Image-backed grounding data

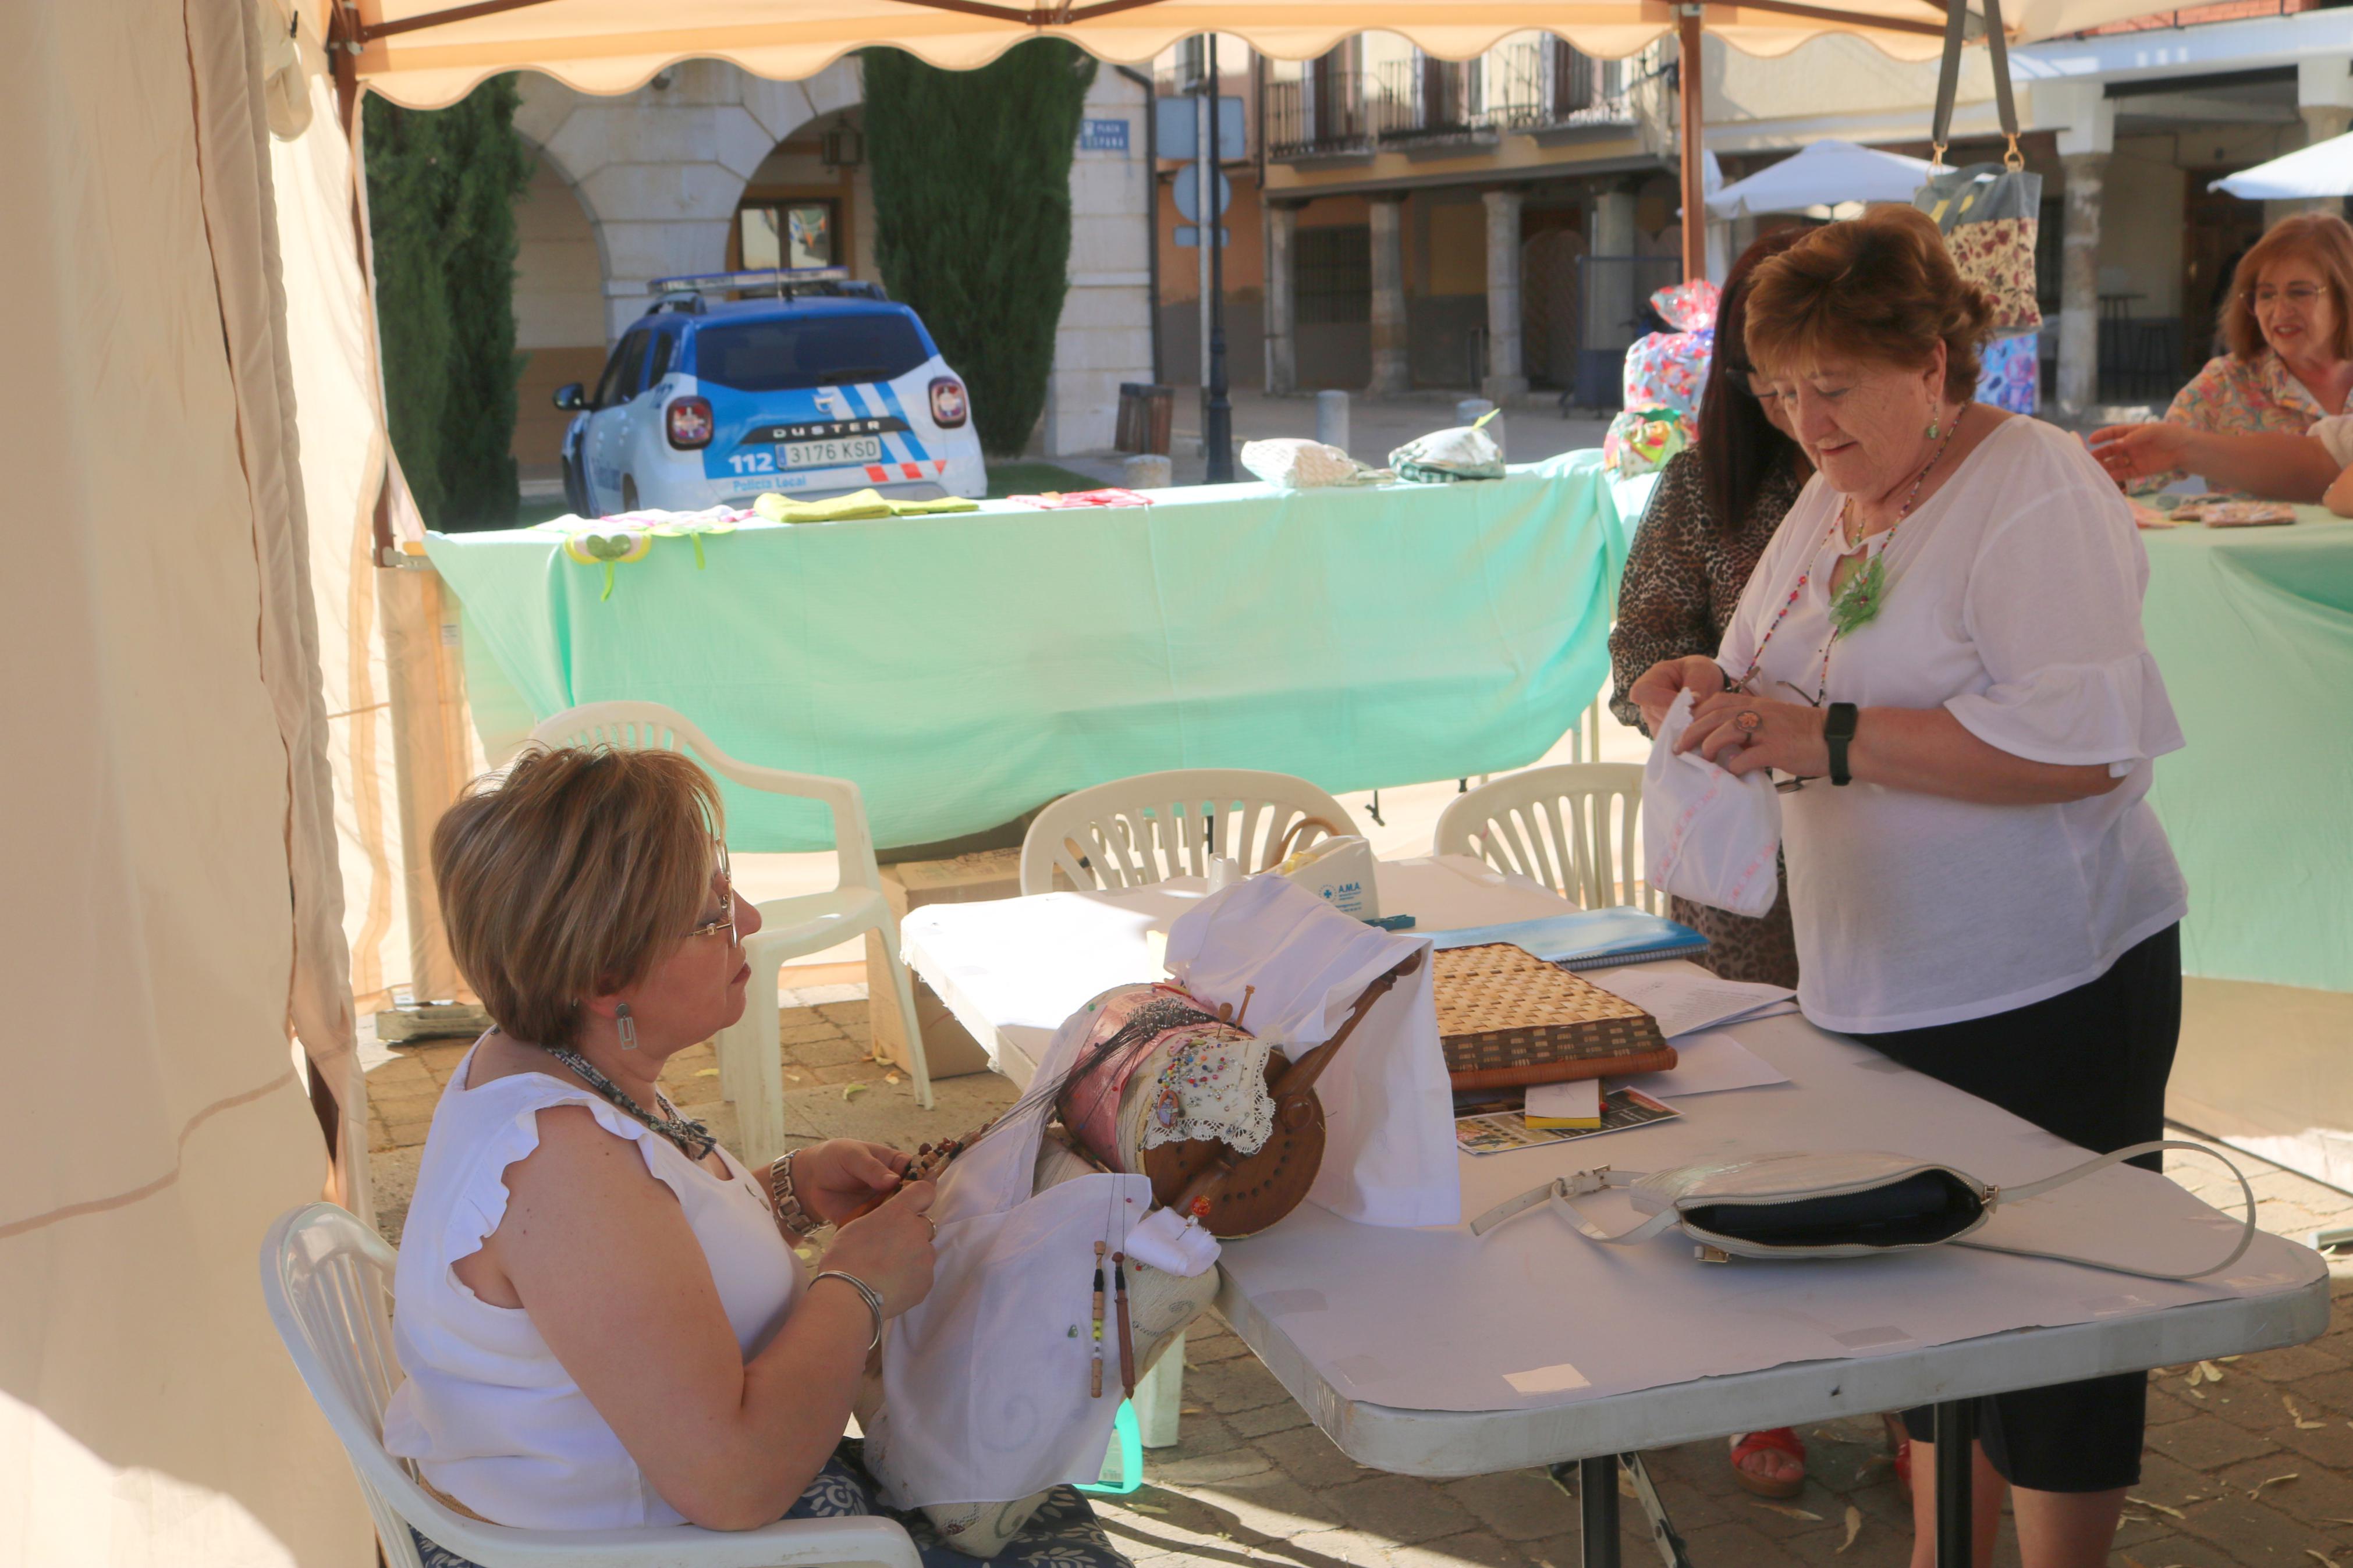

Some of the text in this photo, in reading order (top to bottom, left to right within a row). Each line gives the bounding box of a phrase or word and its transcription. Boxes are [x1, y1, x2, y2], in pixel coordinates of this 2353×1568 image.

[773, 420, 880, 438] DUSTER
[790, 445, 836, 463] 3176
[841, 440, 876, 458] KSD
[729, 452, 774, 474] 112
[776, 475, 807, 488] Local
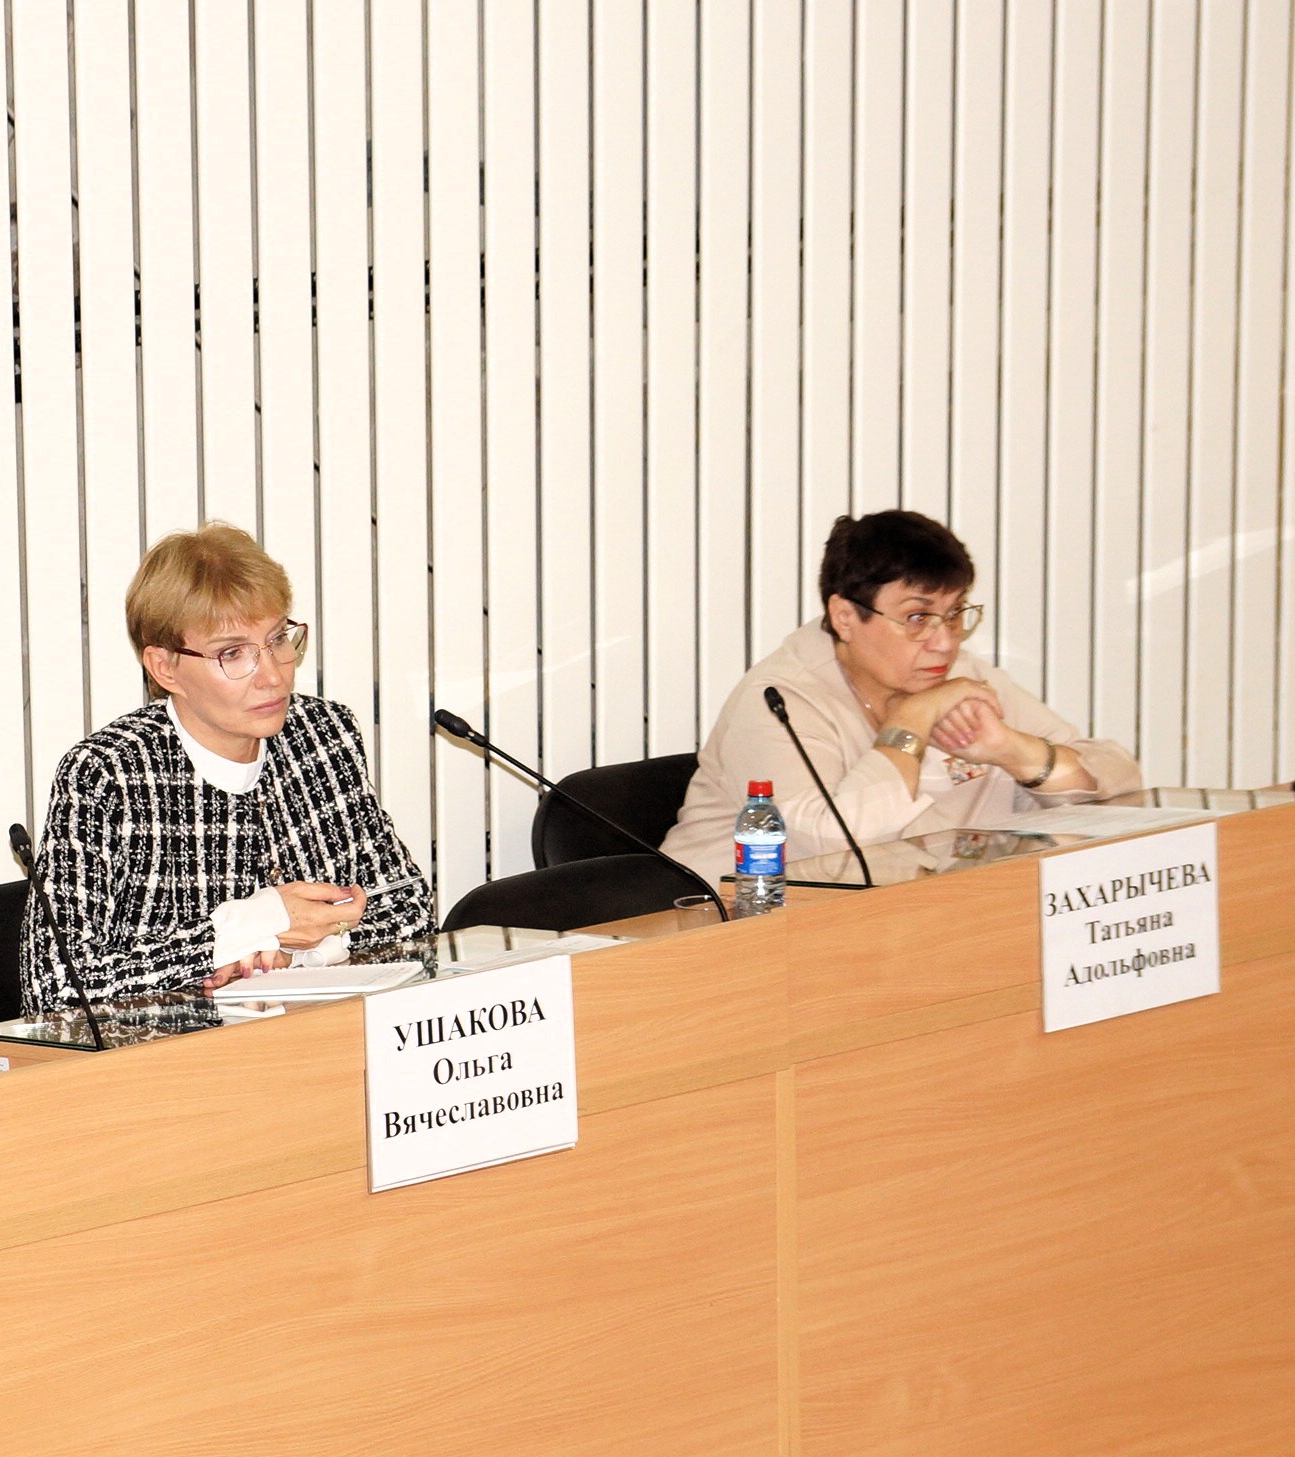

▸ **What is needed**
Word for word, give the data above again, without any images.

▸ **Exercise solution**
Some of the text in this photo, in reading order (top to bottom, left to right within a row). Each line gives the bounding box of a phrase or word and its transcription. Boxes are [x1, y1, x2, y2], in pixel coordinates of this 2353×1568 image.

[773, 420, 880, 438] DUSTER
[790, 445, 836, 463] 3176
[841, 440, 876, 458] KSD
[729, 452, 774, 474] 112
[776, 475, 807, 488] Local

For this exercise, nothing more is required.